Michael Powell and Emeric Pressburger’s Black Narcissus is one of the most beautiful three-strip Technicolor films ever made — an opulent, grand work of art that is touched with madness perhaps more than any other film from The Archers. It was bound to end up as an early Blu-ray reissue from Criterion, and thankfully, it came sooner rather than later.
Black Narcissus is based on the novel by Rumer Godden, whose The River would be adapted into a film by Jean Renoir several years later. But whereas Renoir’s film was the first color film to be shot entirely on location in India, the majestic Himalayan setting of Black Narcissus was created entirely in the studio. The result is an environment more otherworldly than artificial, with Alfred Junge’s art direction and superlative matte paintings and Jack Cardiff’s cinematography creating a convincing, if heightened, world.
Deborah Kerr stars as Sister Clodagh, a nun charged with opening a new convent in the Himalayan wilderness. Sister Clodagh is young, but self-confident, and along with four other nuns, attempts to help the people of the village where the new convent will be placed. Her confidence is misplaced, and the endeavor is not nearly as uncomplicated as Sister Clodagh imagined, with almost everything about the new location coming into direct opposition to the chasteness and simplicity of the sisters.
The convent building was formerly a harem house, and among the land’s inhabitants are a young Indian girl, Kanchi (Jean Simmons), who exudes sensuality, and a ruddy English hunter named Mr. Dean (David Farrar). Sister Clodagh allows her surroundings to visibly frustrate her, but she keeps to her task, even if daydreams of her pre-cloistered life reveal longings deep inside of her.
Less able to keep her desires at bay is Sister Ruth (Kathleen Byron), who becomes consumed with passion for Mr. Dean and jealousy of Sister Clodagh. She emerges as one of the great horror film characters in the film’s climax, despite the fact that the film only fleetingly explores that side.
The film explores the efforts of a people to interact with a culture and a world fundamentally different than their own–one they do not understand. The film is certainly a commentary on British Imperialism, but it is also about differences and repressions on a much more human level. In the emotionally and erotically charged environment that Powell and Pressburger create, the attempts to maintain a buttoned-down temperament are decreasingly successful, resulting in a final climax of horrifying passion.
Black Narcissus is a remarkable film, expertly constructed by a pair of filmmaking masters who could let their subject matter seemingly go off the rails (their The Red Shoes does the same), but remain in control throughout.
The Blu-ray Disc
Black Narcissus is presented in 1080p high definition with an aspect ratio of 1.33:1. Three-strip Technicolor benefits perhaps more than any other kind of classic film from a high definition upgrade, and as Black Narcissus is almost unequalled in that field, it looks stunning on Blu-ray. The intricacy and splendor of the matte paintings is enhanced and Cardiff’s explosions of color — a bed of wildflowers, Byron’s red lipstick and dress, lush green plant life — are as a close a replication of Technicolor richness that a digital format can likely produce. Colors are stable and consistent throughout, the picture retains a very nice film-like grain and contrast levels are excellent, as can be seen especially in the white nun habits contrasting with faces. It’d be hard to come up with a single complaint about this fantastic Blu-ray upgrade.

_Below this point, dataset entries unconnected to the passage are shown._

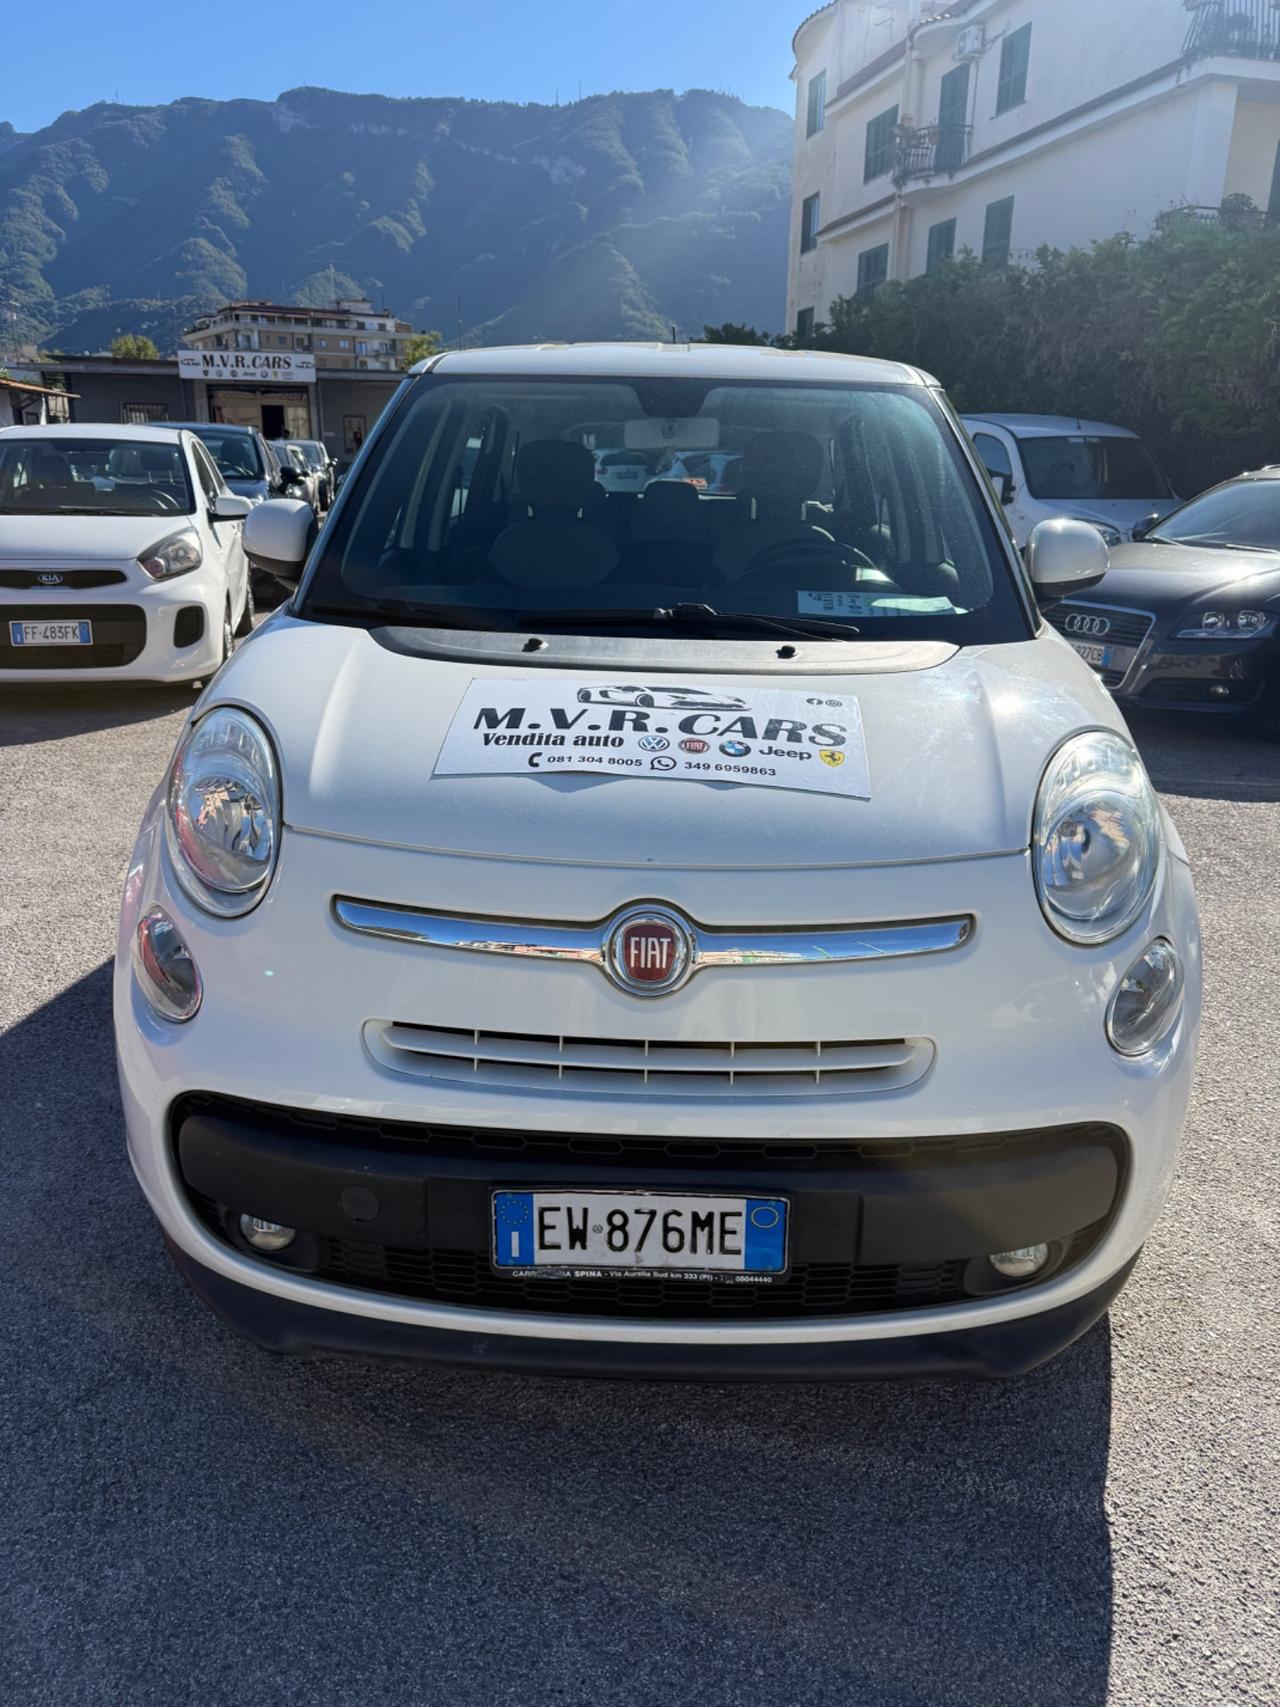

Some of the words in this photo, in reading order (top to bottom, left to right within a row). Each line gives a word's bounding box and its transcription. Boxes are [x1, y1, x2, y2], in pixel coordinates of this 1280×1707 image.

[41, 574, 59, 582] KIA
[483, 733, 566, 747] Vendita
[573, 734, 625, 748] auto
[683, 741, 704, 751] FIAT
[759, 745, 812, 761] Jeep
[547, 755, 573, 764] 081
[577, 755, 603, 765] 304
[607, 757, 642, 767] 8005
[684, 761, 711, 771] 349
[714, 763, 776, 777] 6959863
[630, 936, 671, 969] FIAT
[574, 1270, 602, 1278] SPINA

The audio is presented in an uncompressed monaural mix that is very clean and free from any bothersome hissing or distractions of any kind. Dialogue and music are clear and interact with one another just fine.
The Criterion re-release expands on the rather thin supplements from their 2001 DVD edition of the film, adding three extras and subtracting one. New are two video pieces from French director Bertrand Tavernier — one servicing as an introduction to the film and the other looking deeper into it and Powell’s career. Also new is a nearly 30-minute retrospective that mostly deals with production history and includes interviews with cast and crew such as Cardiff and Byron.

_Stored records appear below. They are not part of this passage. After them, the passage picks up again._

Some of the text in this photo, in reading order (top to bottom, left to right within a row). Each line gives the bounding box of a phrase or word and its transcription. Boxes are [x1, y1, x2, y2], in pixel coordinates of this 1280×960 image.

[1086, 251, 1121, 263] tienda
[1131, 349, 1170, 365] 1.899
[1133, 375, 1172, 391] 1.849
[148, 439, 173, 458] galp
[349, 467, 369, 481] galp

Carried over from the previous releases is a featurette on Cardiff’s cinematography and an audio commentary featuring Powell and Archers admirer Martin Scorsese. The commentary track was recorded for the film’s laserdisc release in 1988, and is unfortunately, not as exciting as it sounds. Powell and Scorsese were recorded separately and both allow for huge gaps between comments, resulting in a commentary that’s only present for about half of the film.
Missing from this release is a stills gallery of production photos. The booklet includes an essay by Kent Jones.
The Bottom Line
Black Narcissus is one of the best Blu-rays Criterion has yet released and it’s a no-brainer purchase along with Criterion’s new Blu-ray edition of The Red Shoes.